Shaggy likes books, too. He will sit still long enough to get about halfway through a short baby book, and then he starts lunging at the pretty pictures. He wants to hold them in his hands and get up close and personal with the illustrations.
I usually read to him before I leave him to his own devices, and then I hand him the book, kiss his pretty head and close the door on his outraged screams.
Last week he had a particularly rough landing, and yelled and complained for about 30 minutes before finally falling asleep. He slept hard after that, and I had to wake him up (quel horreur!) at 6:15 p.m.
I went into his dimly lit room and looked at his sleeping form. After I smiled at his marvelous cute-i-tude, I squinted at his crib sheet.
What the hell is that? I thought. There were wet little mounds of some kind of substance all over his bed. At first I thought he had a diaper blow-out, and then I saw this:
He ate a book.
No, really, he ate a book. That book was intact, shiny and new when it went to bed with him.

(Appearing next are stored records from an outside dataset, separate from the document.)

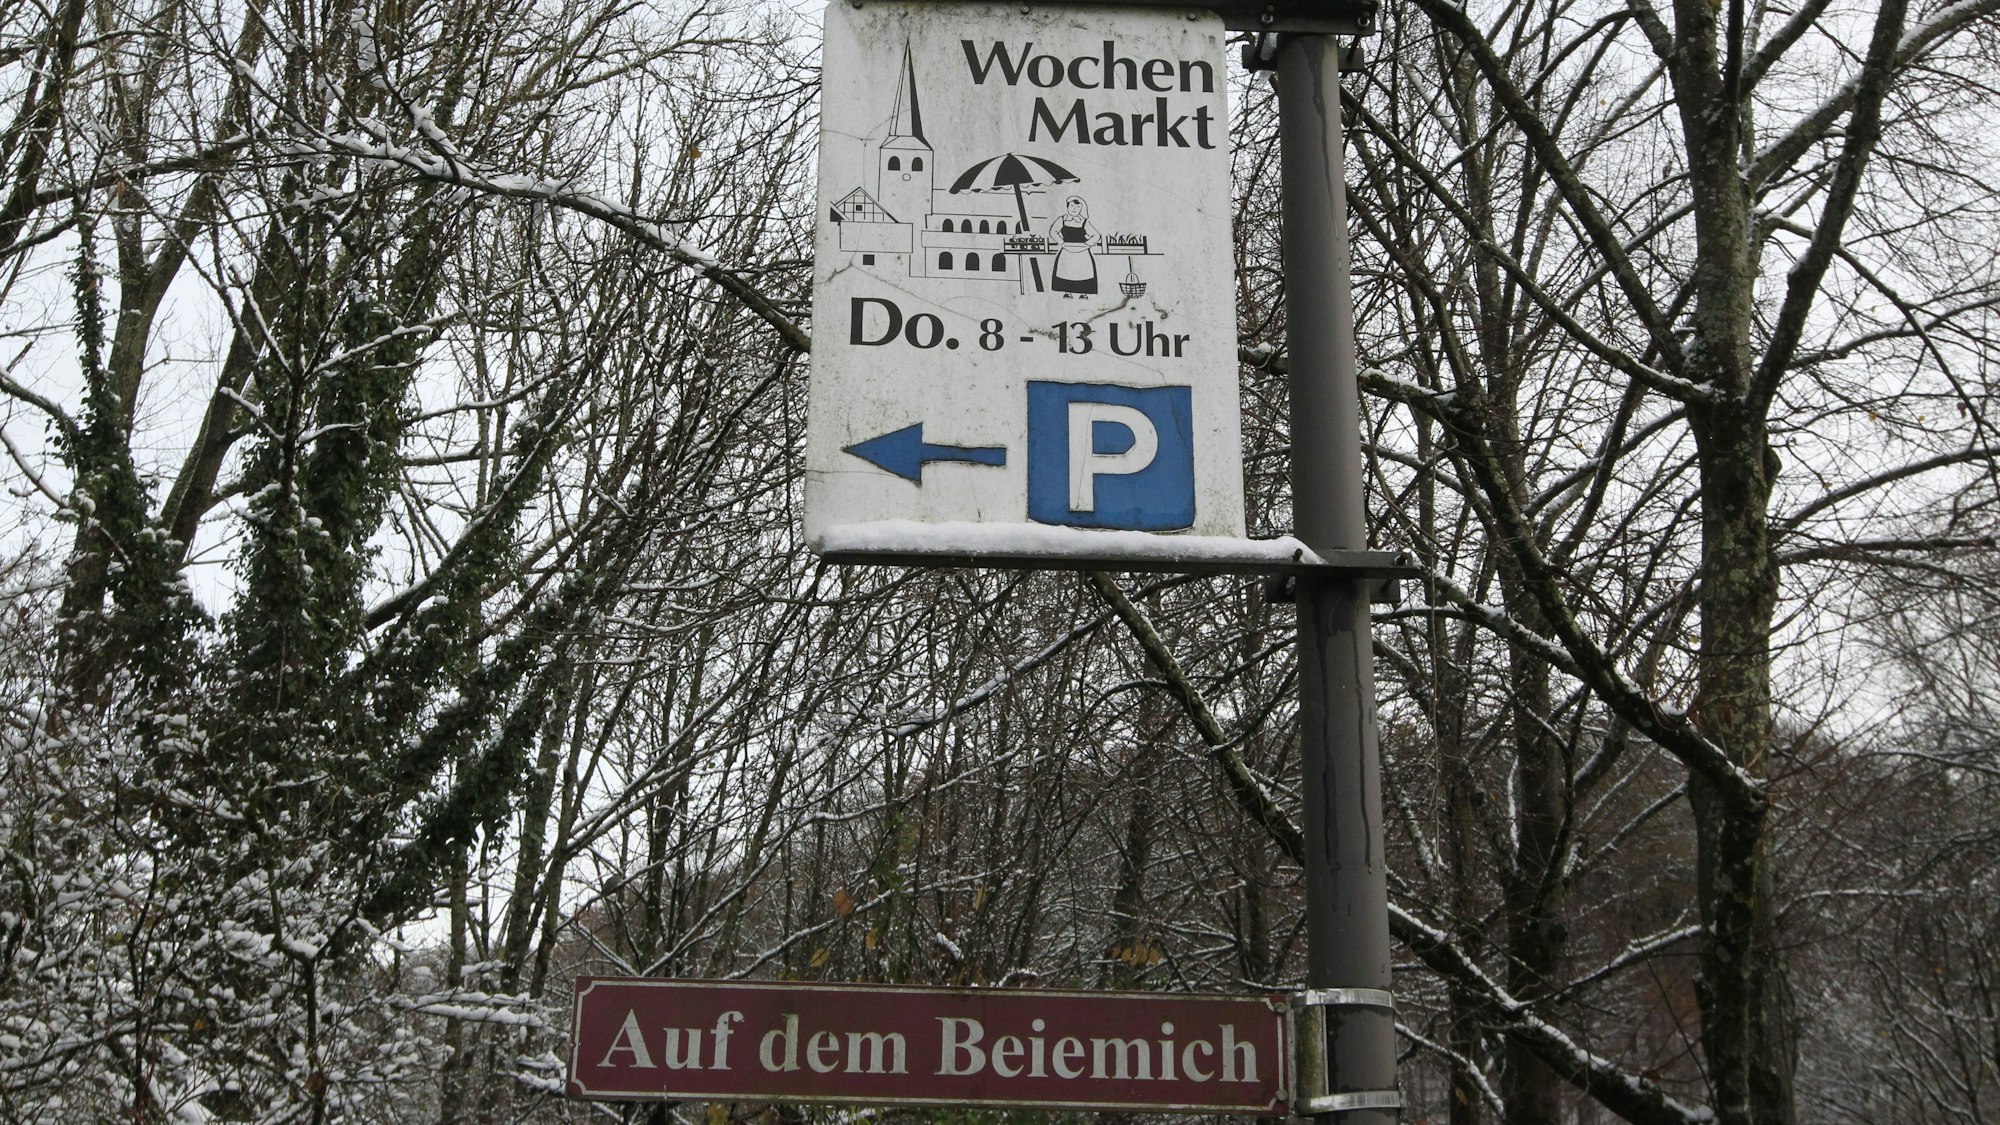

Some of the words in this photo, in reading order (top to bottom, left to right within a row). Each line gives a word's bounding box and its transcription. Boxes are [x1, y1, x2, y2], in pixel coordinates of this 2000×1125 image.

[960, 39, 1214, 94] Wochen
[1028, 97, 1217, 151] Markt
[848, 296, 960, 352] Do.
[978, 318, 1005, 351] 8
[1051, 321, 1094, 355] 13
[1109, 320, 1190, 358] Uhr
[1068, 402, 1159, 513] P
[596, 1009, 745, 1071] Auf
[759, 1013, 910, 1076] dem
[934, 1016, 1262, 1084] Beiemich
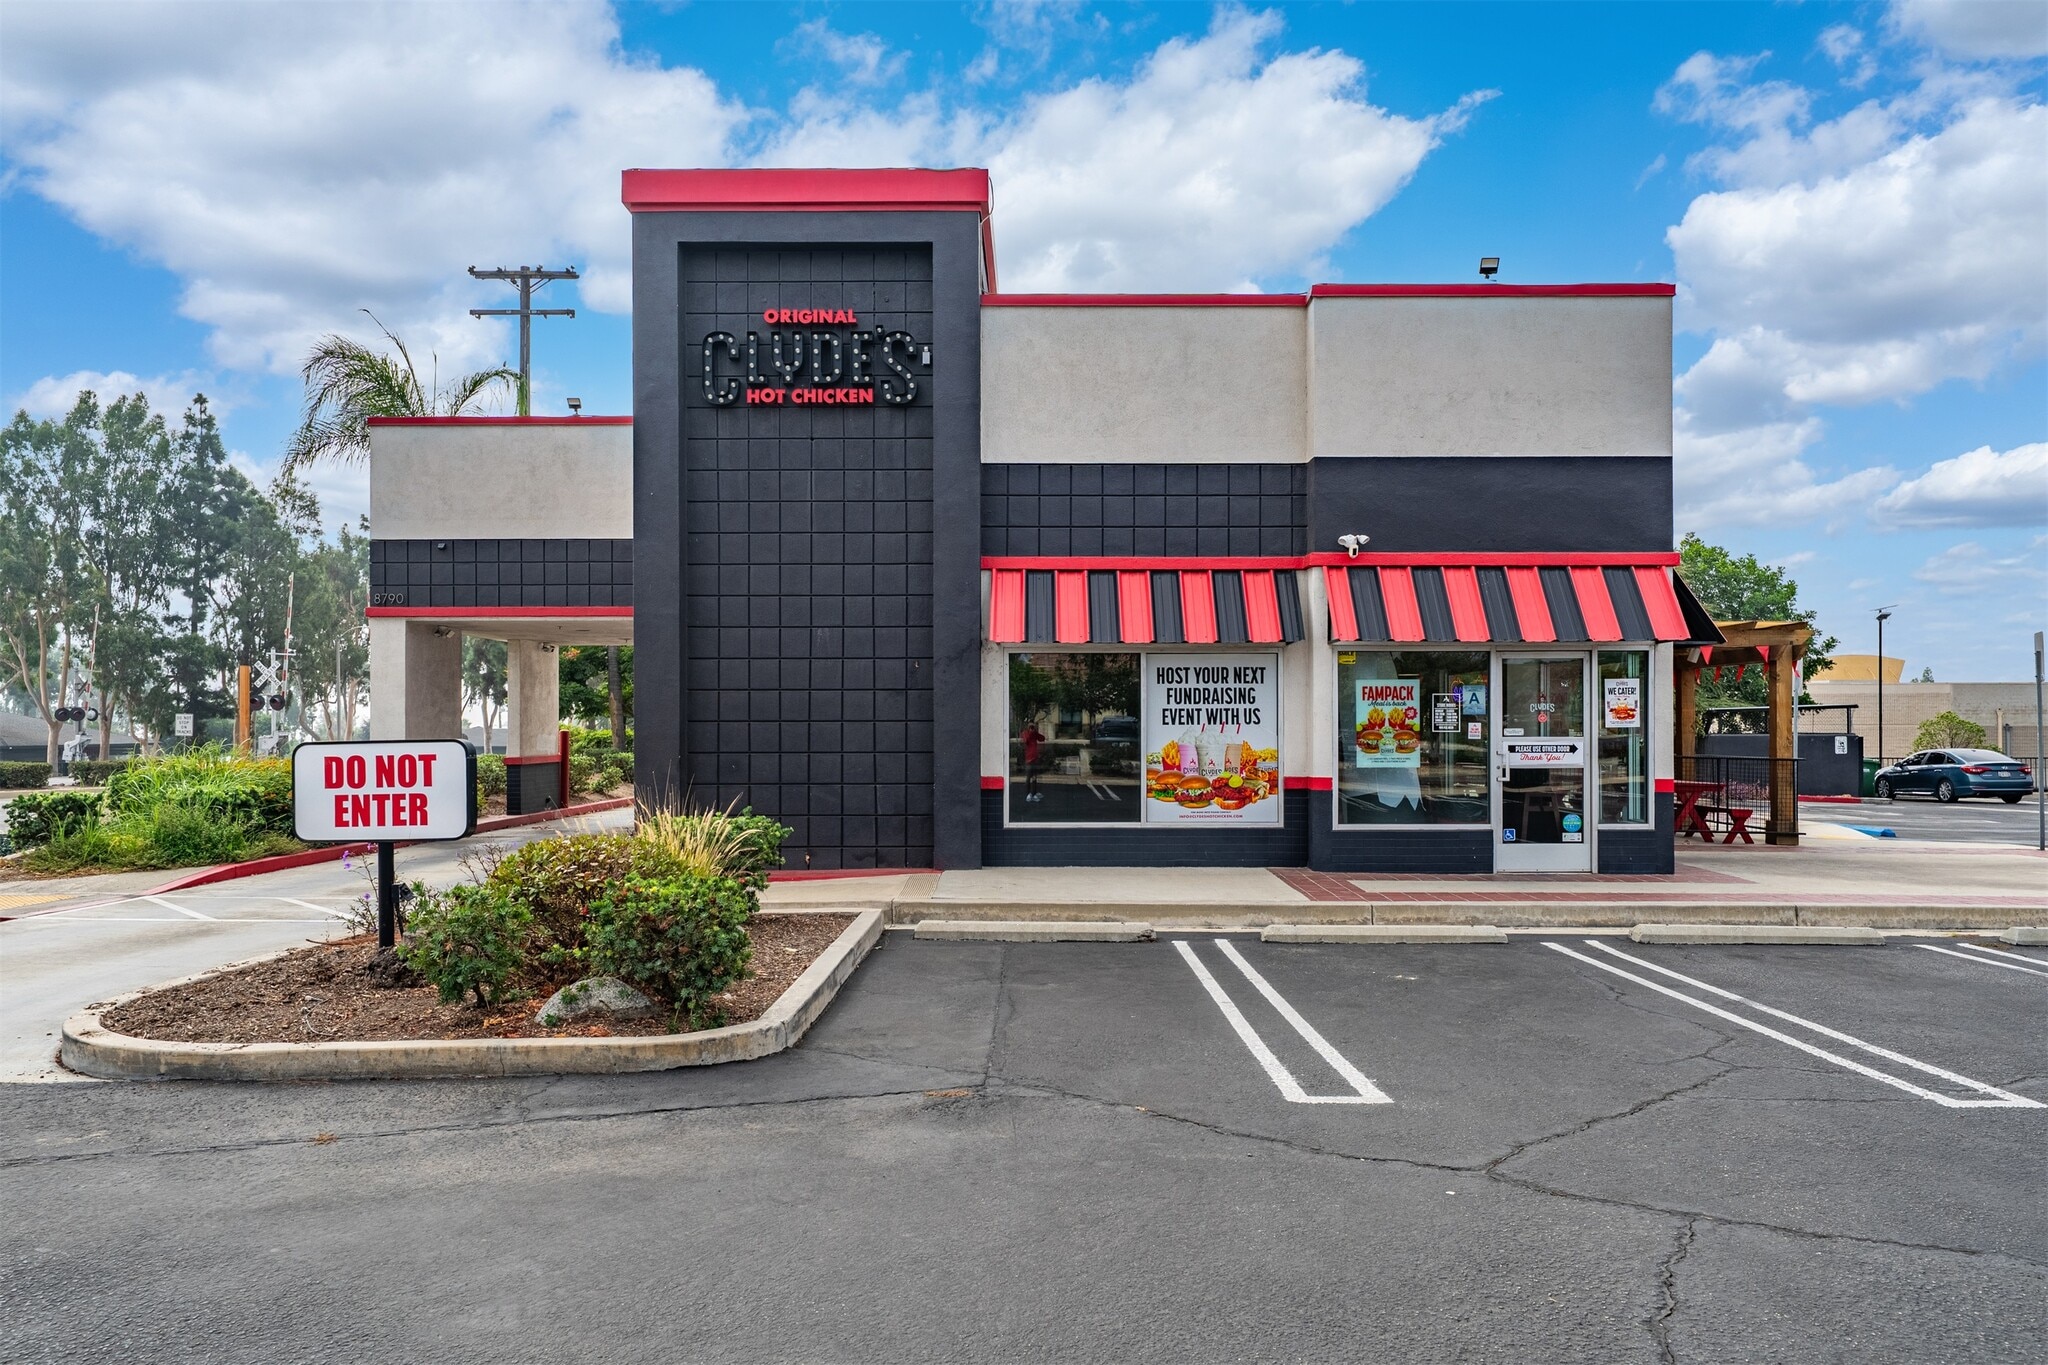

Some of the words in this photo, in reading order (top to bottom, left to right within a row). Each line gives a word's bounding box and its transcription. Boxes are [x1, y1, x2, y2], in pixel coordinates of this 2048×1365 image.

[763, 308, 857, 324] ORIGINAL
[702, 324, 918, 405] CLYDE'S
[746, 388, 786, 404] HOT
[791, 388, 874, 404] CHICKEN
[374, 593, 404, 604] 8790
[1156, 667, 1190, 684] HOST
[1194, 667, 1229, 684] YOUR
[1233, 667, 1266, 684] NEXT
[1166, 687, 1256, 705] FUNDRAISING
[1362, 686, 1414, 701] FAMPACK
[1469, 692, 1480, 704] A
[1607, 687, 1617, 695] WE
[1617, 687, 1637, 695] CATER!
[1162, 708, 1202, 725] EVENT
[1206, 708, 1240, 725] WITH
[1244, 708, 1261, 725] US
[1520, 753, 1543, 761] Thank
[1545, 753, 1566, 762] You!
[324, 755, 366, 789] DO
[375, 754, 437, 788] NOT
[334, 793, 428, 827] ENTER

The spine had nary a crack, being a special book that lives upstairs in his bookcase, the one my dad took to college with him more than 30 years ago.
HE ATE THAT BOOK.
After my confused mind understood what it was looking at, I FREAKED THE FUCK OUT. Because OH MY GOD he could have CHOKED TO DEATH! And I had turned the monitor down while I worked in the kitchen, annoyed by his crying, and only watched the red lights instead of listening to him scream.
Because I just assumed he was OK, just pissed off about being forced to rest.

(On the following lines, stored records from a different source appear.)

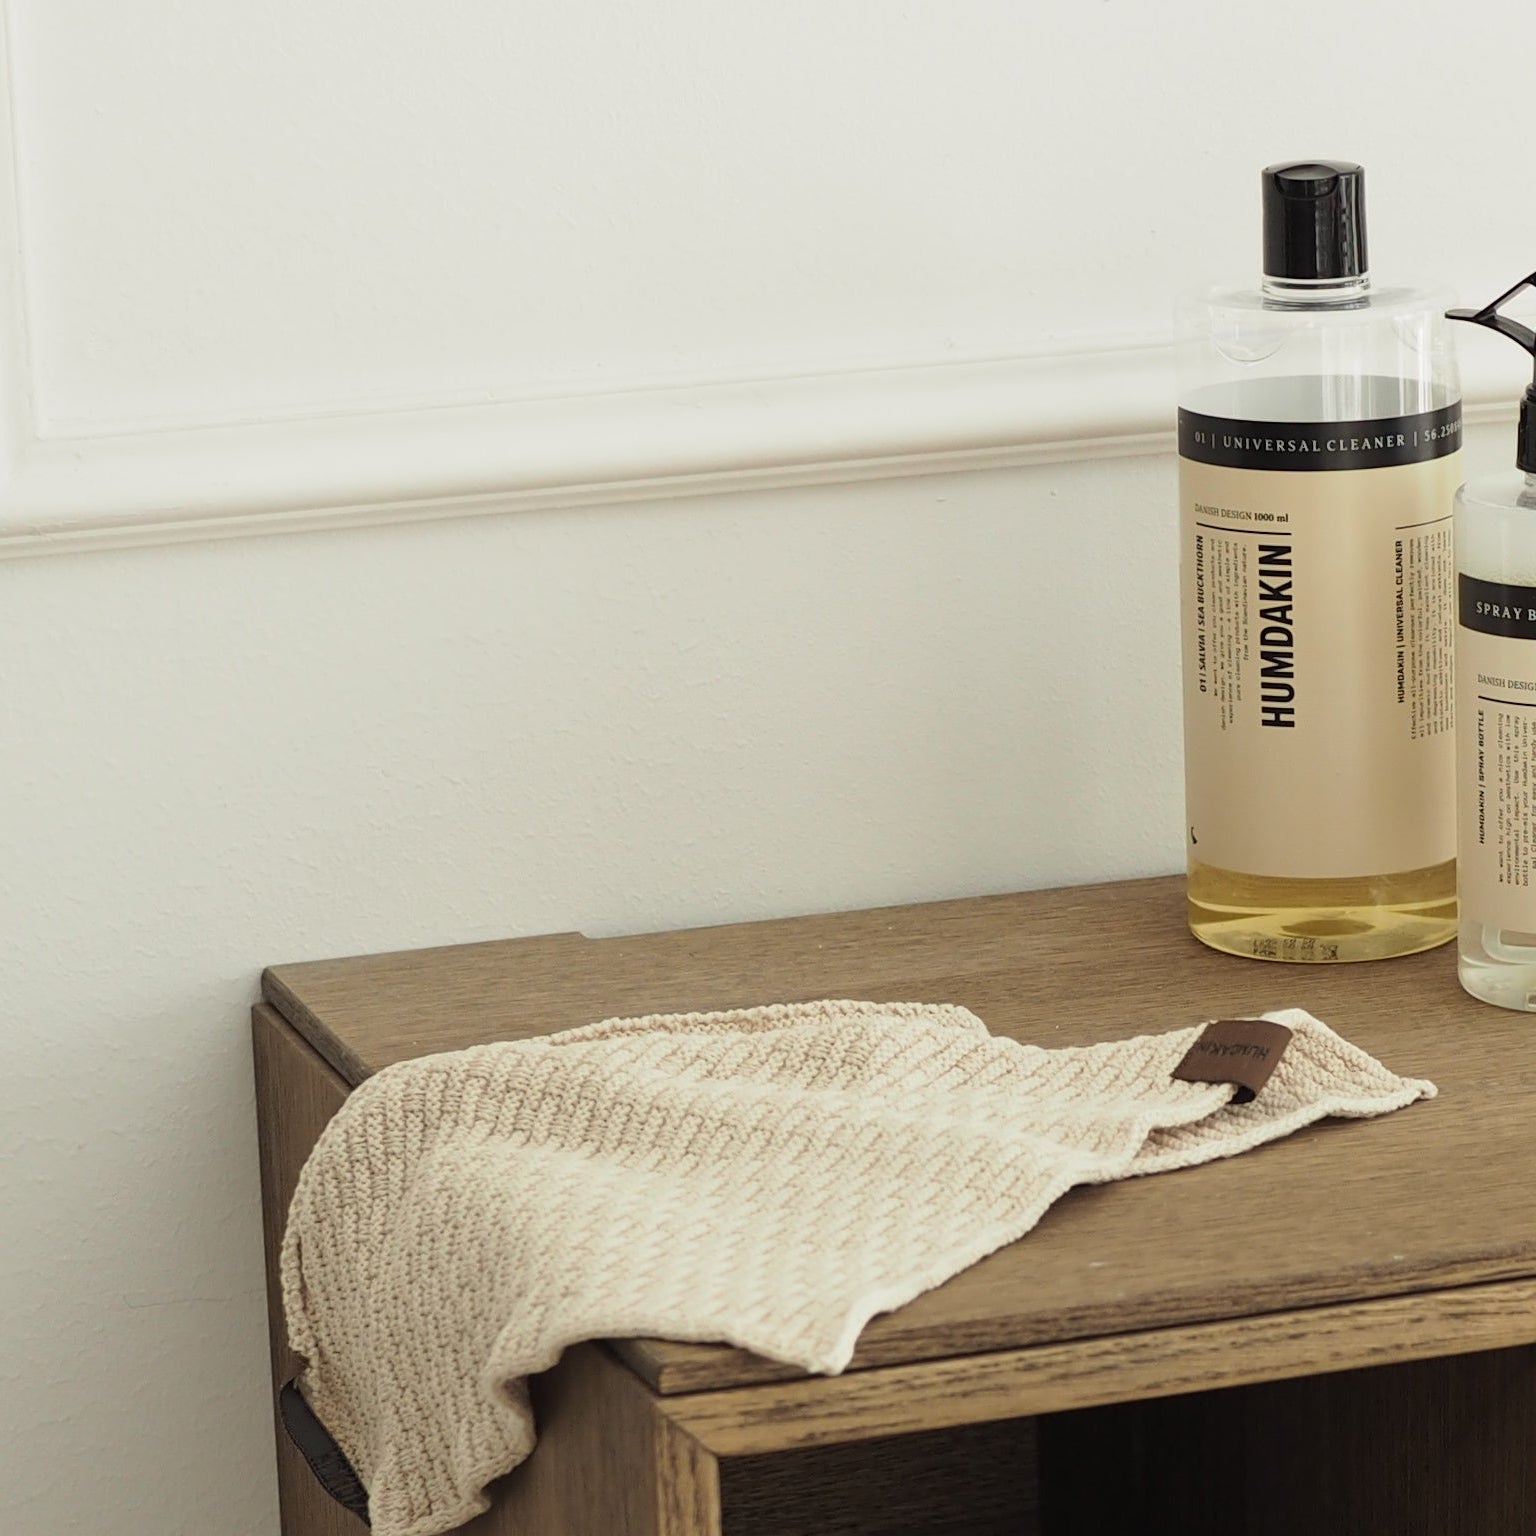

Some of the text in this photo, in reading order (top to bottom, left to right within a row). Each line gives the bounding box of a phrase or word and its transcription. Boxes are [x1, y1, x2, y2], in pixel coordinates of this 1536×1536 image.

[1222, 435, 1321, 453] UNIVERSAL
[1326, 433, 1406, 452] CLEANER
[1220, 508, 1253, 521] DESIGN
[1253, 512, 1275, 522] 1000
[1276, 512, 1290, 523] ml
[1395, 540, 1404, 586] CLEANER
[1197, 606, 1205, 627] SEA
[1396, 586, 1405, 643] UNIVERSAL
[1475, 600, 1523, 620] SPRAY
[1197, 634, 1206, 672] SALVIA
[1258, 544, 1295, 728] HUMDAKIN
[1397, 651, 1405, 704] HUMDAKIN
[1477, 674, 1506, 688] DANISH
[1477, 710, 1485, 747] BOTTLE
[1477, 750, 1485, 782] SPRAY

This is funny only because he’s fine. Only because he DIDN’T choke. But he totally could have, and I would not have known because I was just so sick of hearing wah-wah-wah all day long.
I dodged a very large bullet.
No more books in bed for Shaggy. And as for me? No more assuming that I know everything there is to know about babies, just because I’ve been around this block before. Shaggy shows me every day that detours abound, and he doesn’t have any intention of following my playbook.
The monitor? Right now as he naps? Turned up to ELEVEN.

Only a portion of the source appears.